Malgré des pres­sions amé­ri­caines, Israël va continuer à construire la zone E1 entre la colonie illégale de Maale Adumim et Jéru­salem et continuer l’annexion de la Cis­jor­danie (voir article )

Selon Olmert, « il est incon­ce­vable de dire que Maale Adumim fait partie de l’état d’Israël et de la laisser isolée comme une île ou une enclave. Il est clair que la conti­nuité (ter­ri­to­riale) entre Jéru­salem et Maale Adumim sera une zone construite. C’est clair pour les Pales­ti­niens et pour les Amé­ri­cains. A ce que je sais, il y a un consensus total en Israël à ce sujet ». A propos du res­pon­sable du parti de gauche Meretz, Olmert a indiqué « même Beilin, avec qui je suis en général tou­jours en désaccord, a déclaré que Maale Adumim devait rester dans Israël ».

Il a ajouté que « le tracé de la bar­rière -jusqu’à présent une bar­rière de sécurité-​​ se confondra avec le tracé de la fron­tière per­ma­nente. Il se peut que dans quelques cas nous dépla­cions la bar­rière vers l’est, d’autres vers l’ouest, selon ce que nous déci­derons de faire ».

Olmert a promis que son parti, Kadima, s’il gagne les élec­tions (du 28 mars), prendra des mesures déci­sives pour ren­forcer « Israël en tant qu’état juif avec une majorité juive solide et stable, une majorité qui ne sera pas en danger ». Le principe de base pour déli­miter les fron­tières per­ma­nentes sera de « regrouper les habi­tants isolés des colonies éloi­gnées dans les grands blocs de colonies et d’agrandir ces blocs [3] ».

Olmert a refusé de pré­ciser ce que serait le gou­ver­nement de coa­lition si Kadima gagnait l’élection. Il a indiqué qu’il ne dis­qua­li­fierait aucun parti juif sio­niste et qu’il n’inviterait aucun parti arabe dans la coalition.

Par ailleurs jeudi 9 mars des docu­ments hau­tement confi­den­tiels du Ministère de la Justice qui datent du début des années 1990 et dont des copies ont été envoyées au Ministère de la défense, de la Justice, du Logement de même qu’au Pro­cureur général, confirment l’existence d’un vaste réseau de liens entre les gou­ver­ne­ments Likoud et tra­vailliste, des agences de vente et des asso­cia­tions de colons dans le but d’acquérir de la terre en Cisjordanie.

Les docu­ments ont été pré­sentés à la Haute Cour de Justice lors d’auditions de péti­tions déposées par des habi­tants de Bil’in et l’organisation Peace Now contre la construction de cen­taines de loge­ments sur les terres du village et le long du tracé du mur qui les coupe en deux.

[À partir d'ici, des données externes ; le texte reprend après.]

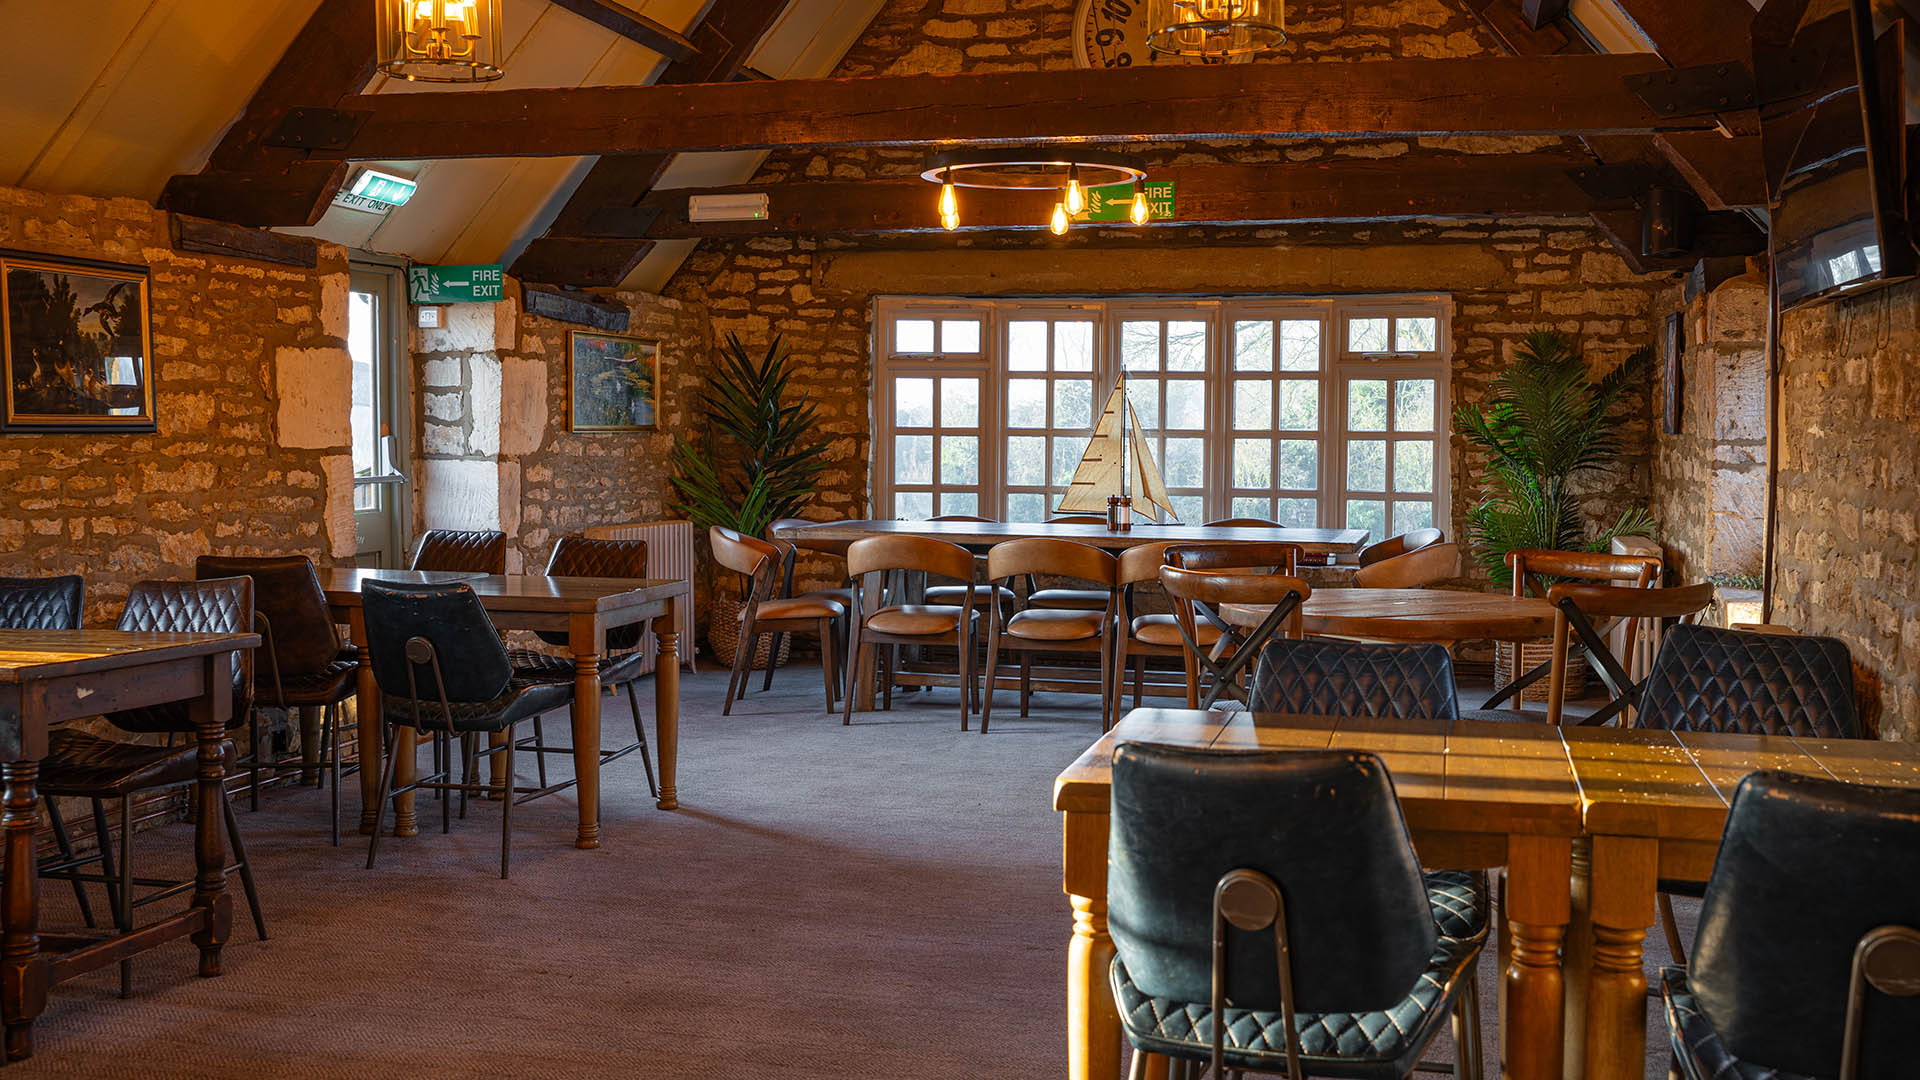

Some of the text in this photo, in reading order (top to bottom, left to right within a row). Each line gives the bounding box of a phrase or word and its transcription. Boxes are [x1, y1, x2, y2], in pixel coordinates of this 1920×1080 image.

[1101, 0, 1132, 24] 10
[342, 193, 367, 206] EXIT
[367, 199, 389, 211] ONLY
[1148, 202, 1172, 215] XIT
[472, 270, 500, 281] FIRE
[472, 285, 500, 297] EXIT

Dans une lettre hau­tement confi­den­tielle envoyée en novembre 1990 à Plia Albeck, coor­di­nateur des acti­vités dans les ter­ri­toires, res­pon­sable du dépar­tement civil au bureau du pro­cureur général, il est écrit : « comme cette région a été appa­remment achetée par la com­pagnie Hakeren qui en consé­quence détient les droits sur cette zone et qui a demandé au contrôleur des pro­priétés du gou­ver­nement de la gérer, il semble ainsi que cette zone soit la pro­priété du gou­ver­nement ». Bien que la haute repré­sen­tante du Ministère de la Justice ne soit pas convaincue que Hakeren a vraiment acheté cette terre de façon légale, comme le prouve l’utilisation qu’elle fait des mots « appa­remment, il semble », elle permet pourtant que la zone soit déclarée « pro­priété du gouvernement ».

Albeck demande que ceci reste tota­lement confi­dentiel, affirmant que la révé­lation des tran­sac­tions peut mettre les colons en danger de mort. Il faut noter que l’une des parties à la tran­saction est Shmuel Einav, vendeur de ter­rains, dont le nom est lié au procès d’ Aryeh Deri à propos d’un marché concernant Har Shmuel, un quartier de Jéru­salem où les terres pales­ti­niennes ont été acquises à l’aide de docu­ments falsifiés.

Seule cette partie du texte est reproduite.